On 26 January 2007, a MH-60S assigned to HSC-23 Detachment Three, and underway on USS Bonhomme Richard, crashed while conducting in-flight operations training off the coast of Southern California. The crash of Bullet 10 resulted in the deaths of four crew members:

- LT Adam Dyer, Helicopter Aircraft Commander (HAC);

- LTJG Laura J. Mankey, Pilot;

- AW1 Cory Helman, Search and Rescue (SAR) Aircrew; and,

- AW2 (AW/NAC) Christopher M. Will, SAR Aircrew Chief.

After refueling and retrieving box lunches, Bullet 10 departed the ship. At 1407, Bullet 10 requested and received permission to climb to 1,000 feet for training. At 1414, Bullet 10 reported "ops normal." At 1423:54, Bullet 10's Electronic Locator Transmitter (ELT) sounded. At 1423:56 a "mayday" call was made. During the mayday call, the HAC is overheard telling the crew to "strap in PCL, PCL." At 1424:03, the ELT stopped transmitting. At 1424, Bonhomme Richard reported the crash and sent Bullet 11 to conduct SAR. At 1435, a SAR swimmer successfully recovered the body from the water. The SAR effort would continue for the next 24 hours involving multiple air and waterborne assets, including all Bonhomme Richard ship assets as well as some Coast Guard assets. At 1505, 27 January 2007, the SAR effort was terminated and three missing crewmembers were declared "Lost at Sea."

On 16 February 2007, during salvage operations, the wreckage of Bullet 10 and the remains of the three missing crewmembers were recovered. Subsequent engineering reports revealed that the damage to Bullet 10 is consistent with the aircraft entering the water in a tail-down, right roll altitude with the aircraft having a backward momentum.
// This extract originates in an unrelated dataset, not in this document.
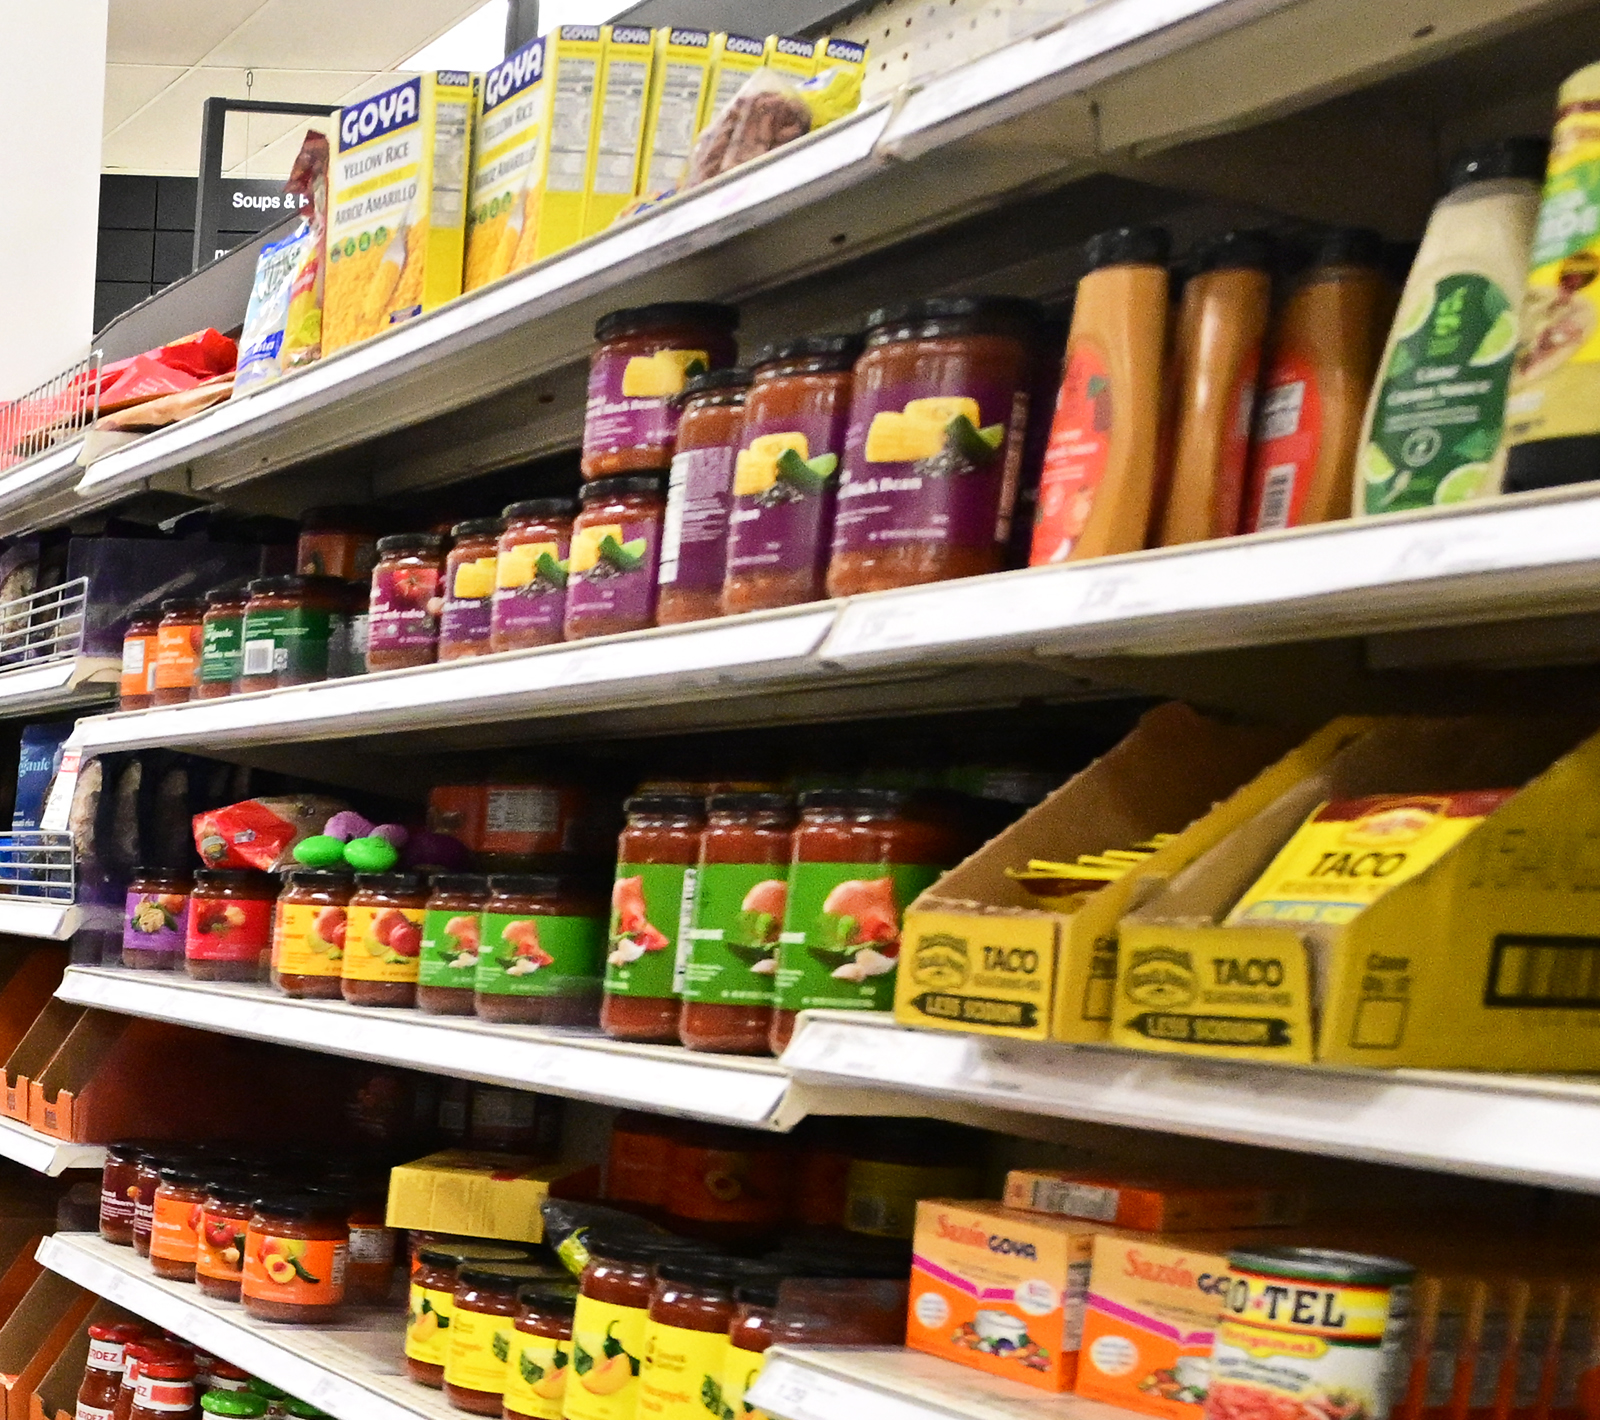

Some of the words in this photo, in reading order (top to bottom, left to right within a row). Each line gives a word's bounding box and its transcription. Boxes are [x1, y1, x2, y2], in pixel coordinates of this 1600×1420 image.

At the time of the incident, the weather satisfied the Visual Flight Rules (VFR) conditions. Based on review of training records, all crewmembers had the sufficient training, experience and skill to handle in-flight emergencies related to flight control. Moreover, all crewmembers were cleared of all medical conditions or medications which could have caused this mishap.

=== Artemis II recovery ===
On April 10, 2026, USS John P. Murtha served as the recovery vessel for the Orion spacecraft Integrity and its crew during the Artemis II mission. It carried MH-60S Sea Hawk helicopters from HSC-23.